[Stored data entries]
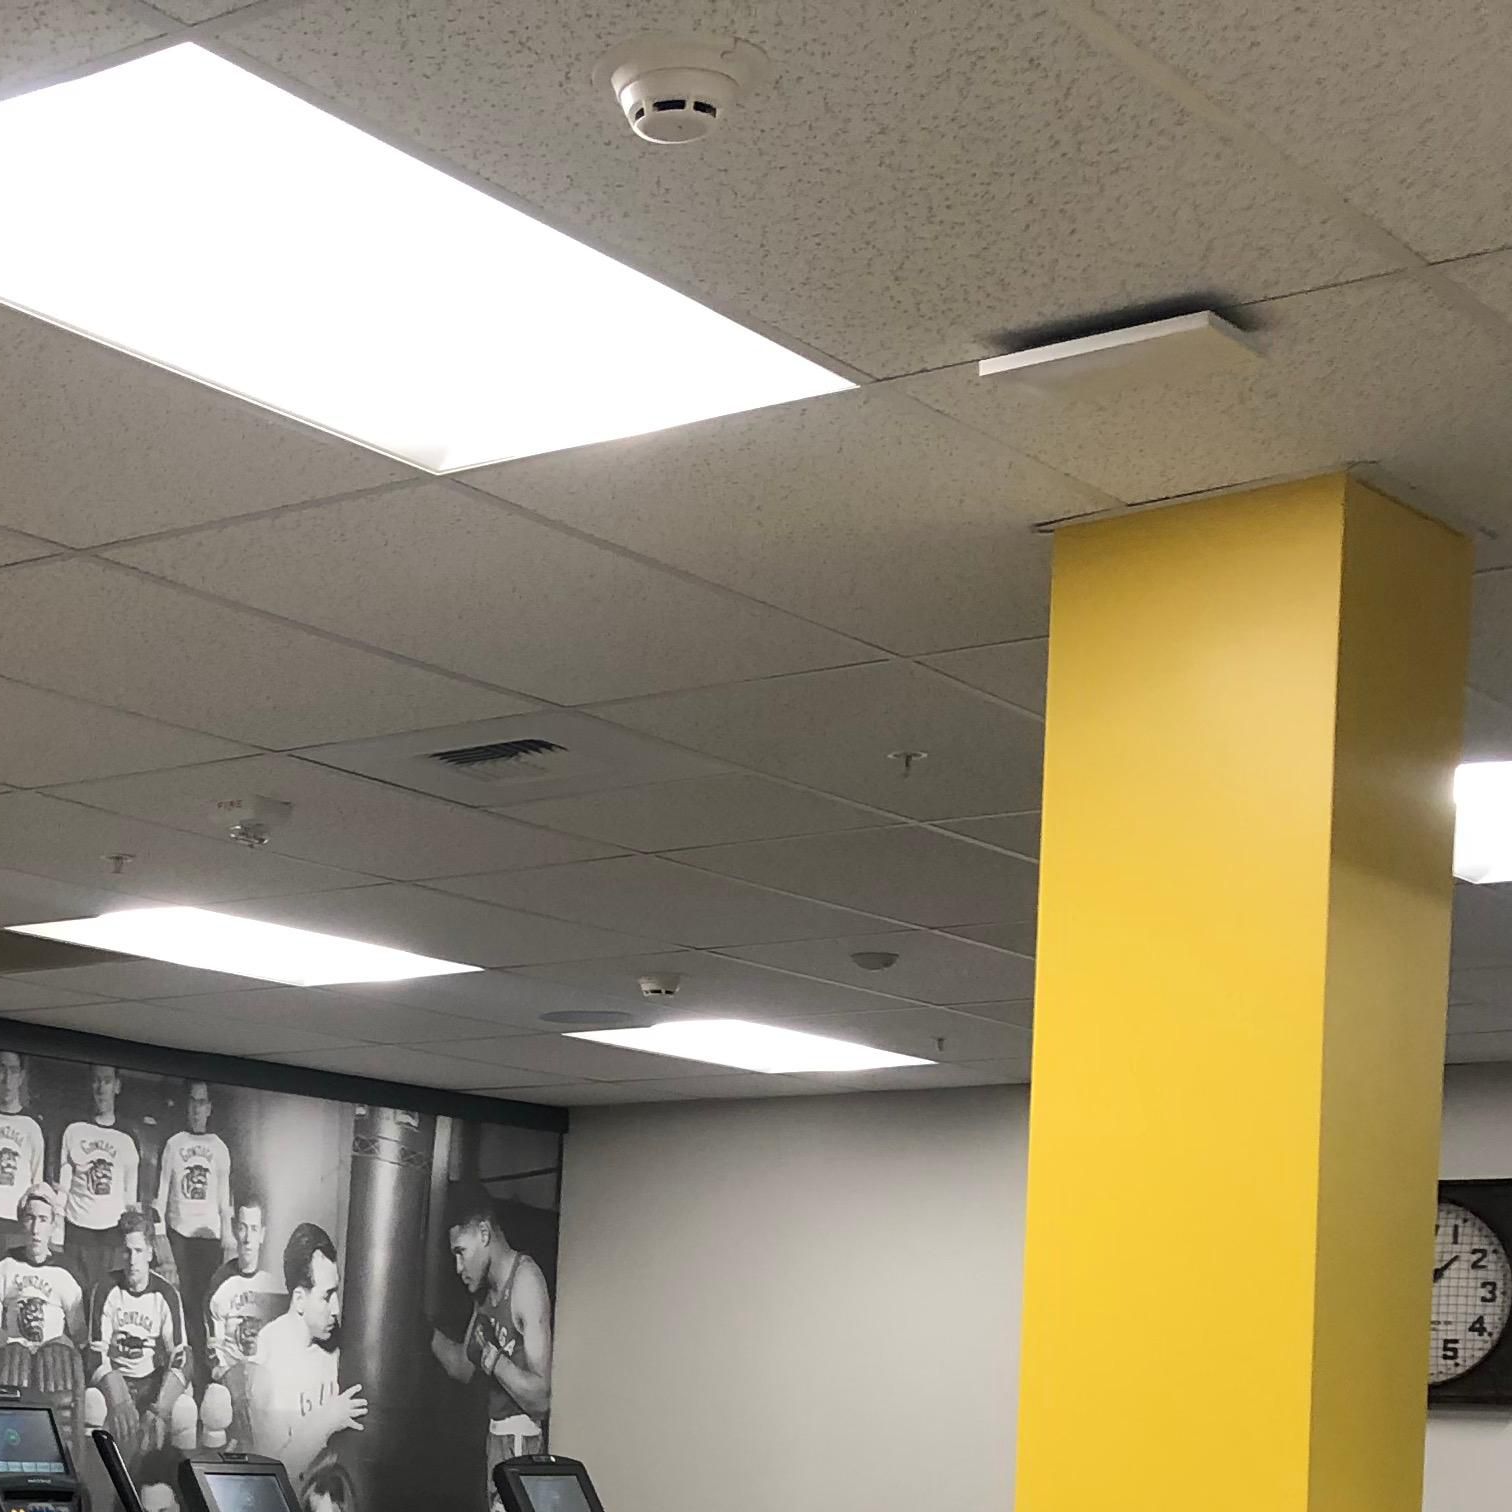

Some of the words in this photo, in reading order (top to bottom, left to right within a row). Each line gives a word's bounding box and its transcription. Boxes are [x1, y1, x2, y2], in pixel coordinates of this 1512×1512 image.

[1453, 1223, 1459, 1245] 1
[1470, 1248, 1487, 1270] 2
[1480, 1281, 1497, 1303] 3
[1468, 1315, 1486, 1337] 4
[1442, 1338, 1460, 1361] 5

## What you need to do:
Could you retype every line above exactly as it appears, skipping the pictures?

## Response below:
Some of the words in this photo, in reading order (top to bottom, left to right within a row). Each line gives a word's bounding box and its transcription. Boxes are [x1, y1, x2, y2], in pixel coordinates of this 1512×1512 image.

[1453, 1223, 1459, 1245] 1
[1470, 1248, 1487, 1270] 2
[1480, 1281, 1497, 1303] 3
[1468, 1315, 1486, 1337] 4
[1442, 1338, 1460, 1361] 5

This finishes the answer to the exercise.